Mallory Dawn didn't set out to become a wedding photographer. She was studying education at UC Irvine, performing in the drama department, and shooting headshots for friends with her dad's borrowed Canon T2i. But somewhere between the borrowed camera and the click of the shutter, something shifted. She fell in love with the craft.

Little Black Book Photographer: Mallory Dawn

Looking back, the signs were always there. Her father ran his own business her entire life, and she absorbed his approach to customer service without realizing it would become the foundation of her own career. In 2012, she took a leap of faith, launched her business, and started shooting weddings by 2014. She hasn't looked back since.

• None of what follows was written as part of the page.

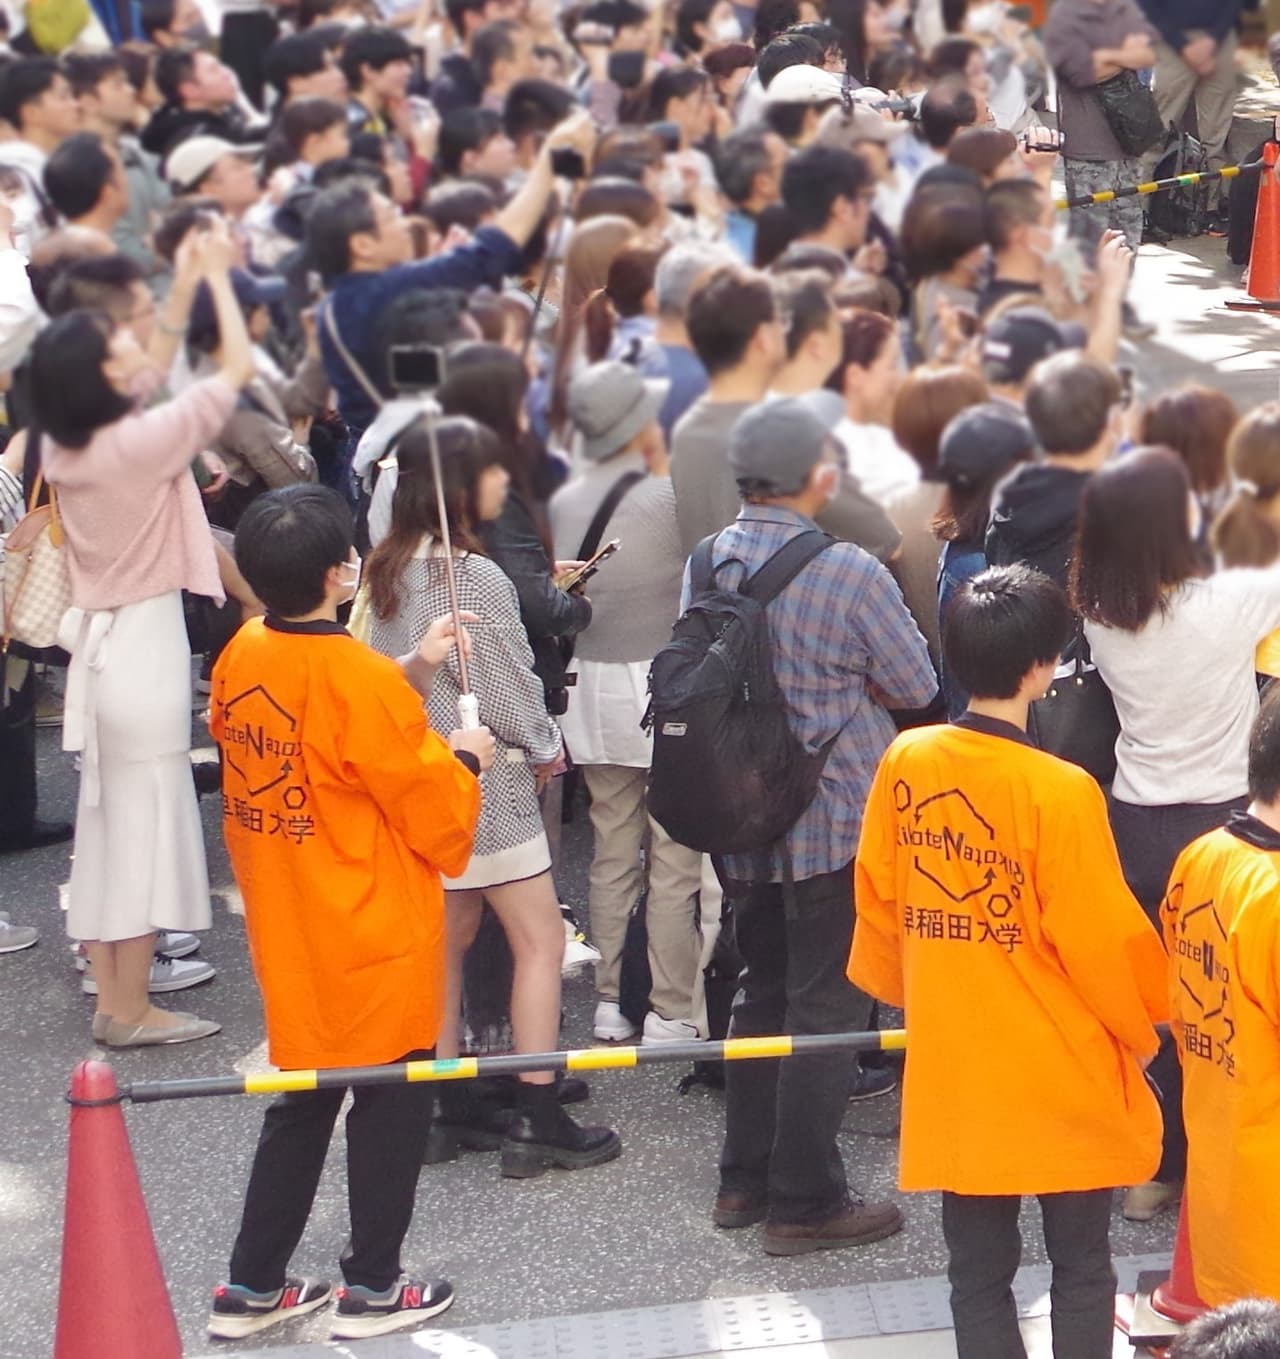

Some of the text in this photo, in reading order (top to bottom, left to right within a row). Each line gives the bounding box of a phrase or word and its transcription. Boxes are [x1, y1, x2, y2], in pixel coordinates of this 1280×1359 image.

[904, 905, 1023, 953] 早稲田大学

What makes Mallory stand out isn't just her finely-tuned aesthetic or her devotion to film photography. It's the level of intention she brings to every single touchpoint of the experience, from the first inquiry to the final gallery delivery and beyond.

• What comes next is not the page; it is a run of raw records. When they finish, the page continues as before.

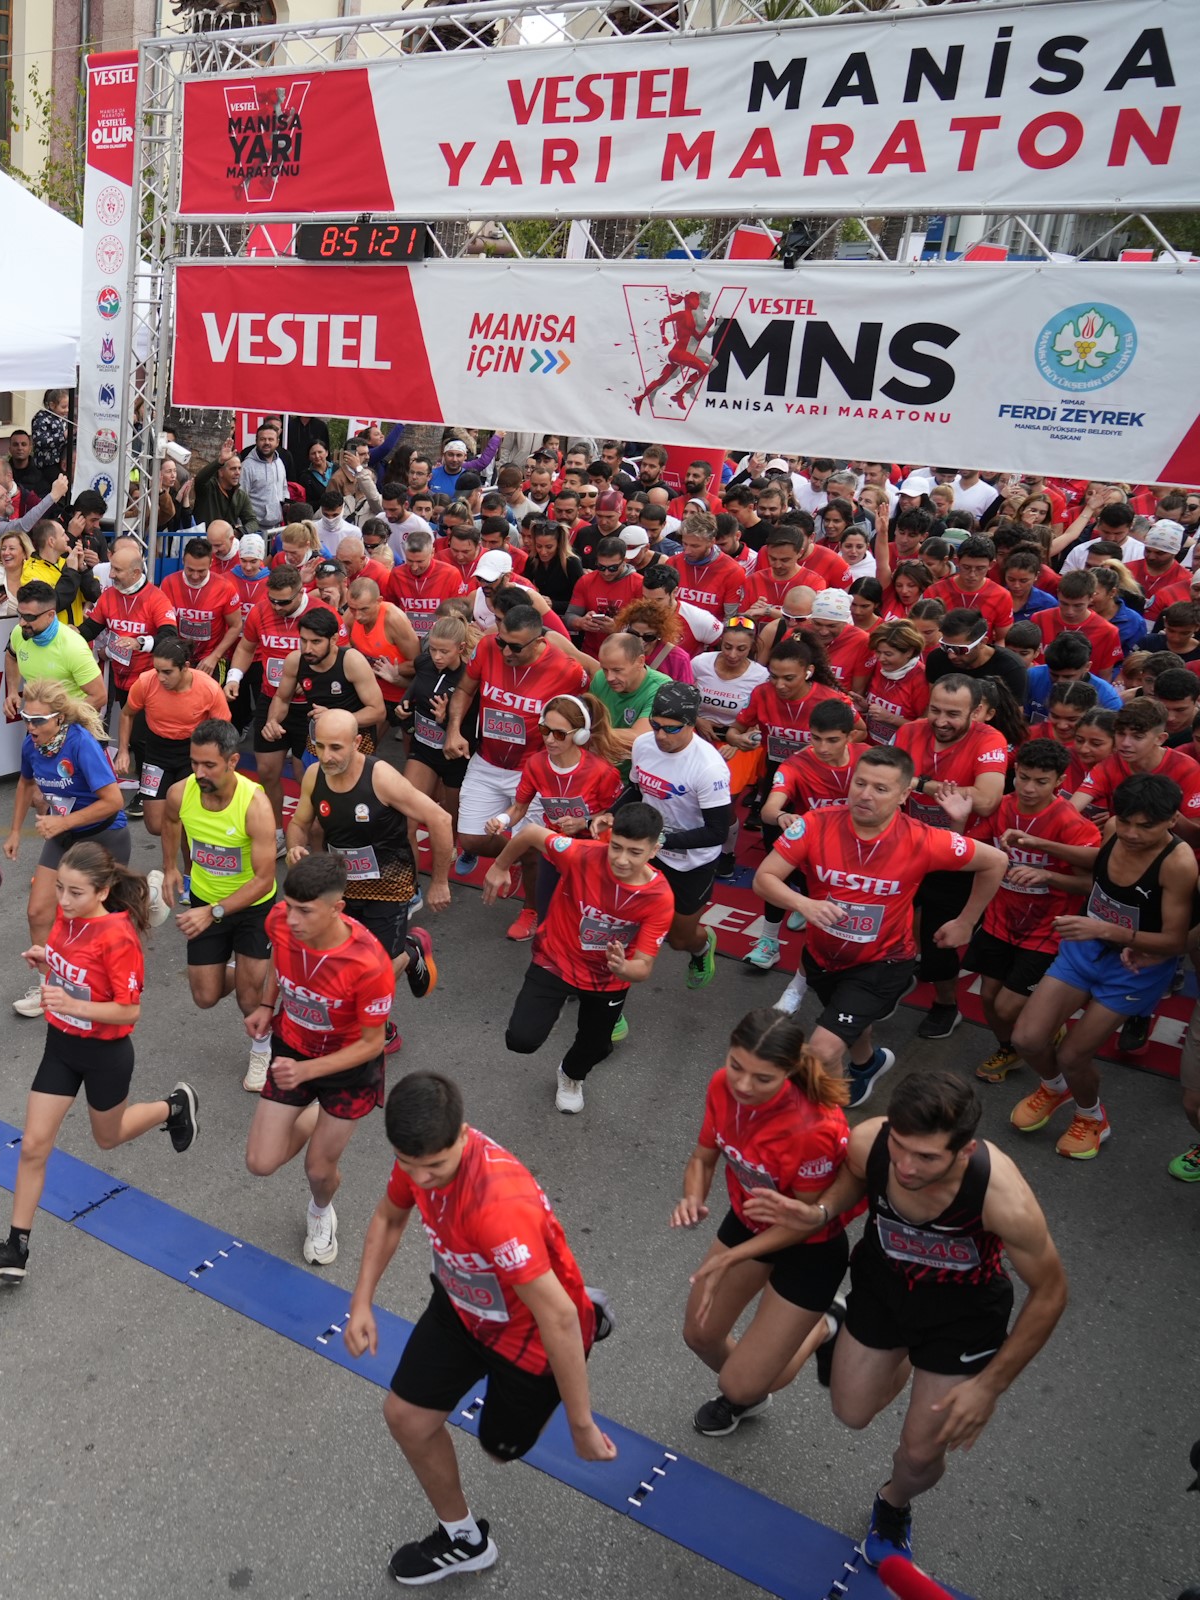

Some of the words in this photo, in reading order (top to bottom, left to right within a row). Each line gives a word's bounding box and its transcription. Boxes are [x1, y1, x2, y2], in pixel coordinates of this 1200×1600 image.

[93, 68, 136, 87] VESTEL
[506, 66, 702, 126] VESTEL
[230, 102, 256, 112] VESTEL
[91, 126, 134, 145] OLUR
[229, 132, 302, 165] YARI
[438, 136, 612, 187] YARI
[660, 106, 1182, 182] MARATON
[226, 164, 300, 179] MARATONU
[319, 226, 417, 257] 8:51:21
[748, 298, 818, 316] VESTEL
[201, 312, 392, 370] VESTEL
[706, 317, 961, 406] MNS
[784, 403, 828, 416] YARI
[838, 406, 952, 424] MARATONU
[1059, 408, 1147, 428] ZEYREK
[172, 606, 217, 621] VESTEL
[105, 618, 149, 635] VESTEL
[702, 686, 743, 700] MERRELL
[703, 696, 738, 710] BOLD
[487, 718, 523, 736] 5450
[195, 849, 239, 870] 5623
[815, 864, 902, 897] VESTEL
[834, 914, 874, 932] 218
[1092, 897, 1133, 930] 5593
[44, 943, 90, 987] ESTEL
[797, 1161, 833, 1178] OLUR
[493, 1244, 531, 1269] OLUR
[888, 1231, 971, 1262] 5546

Little Black Book Photographer: Mallory Dawn

Nobody Gets Left Out of the Credits

For Mallory, vendor relationships are collaborative, never transactional. She approaches every wedding day thinking about how her work intersects with each vendor's craft. Before the wedding, she'll reach out to a florist she hasn't worked with to introduce herself and ask about loose florals for flat lay styling. It's a small gesture that prevents day-of scrambling and sets a collaborative tone before anyone even arrives at the venue.

Little Black Book Photographer: Mallory Dawn / Event Planning: Mindy Weiss

Mallory still goes above and beyond after the wedding. When she delivers the final gallery, every vendor gets properly credited, even when their socials are hard to find. And when a publication picks up the work, she follows up again with the vendors so they can share.

"I will be on the vintage car's website trying to find their social media handle. I don't want anyone left out. I just want every vendor to have a positive experience with me."

Mallory also has a practical tip for vendors on the receiving end of this kind of outreach: make sure your actual email address is visible on your website, not just a contact form.  She's lost count of how many times she's ready to send out the gallery to all the wedding vendors, and can't easily find an email address listed on a vendor's website.

Little Black Book Photographer: Mallory Dawn / Paper Goods: @Minted

Lavender, Snail Mail, and the Welcome Packet That Sets the Tone

Mallory's branding is built around lavender. She loves how it photographs (especially on film), she loves the color, and she's woven it into every layer of her client experience. When a couple books with her, they receive a tangible welcome packet in the mail: contract documents, a fine art lavender print she photographed herself, a wedding day timeline guide, an "about me" page for them to fill out, and a small bag of dried lavender so the whole thing smells as good as it looks.

"These days people don't get snail mail. Getting something in the mail that's fully branded, it just feels elevated. I think it sets off the tone for a good relationship and makes them feel valued and appreciated."

That timeline guide has become a quiet workhorse in her business. It breaks down every segment of a wedding day with approximate photography times so planners and couples don't have to go back and forth figuring out scheduling. It saves everyone hours of communication and ensures her timelines always have a built-in buffer for the unexpected moments that inevitably come up.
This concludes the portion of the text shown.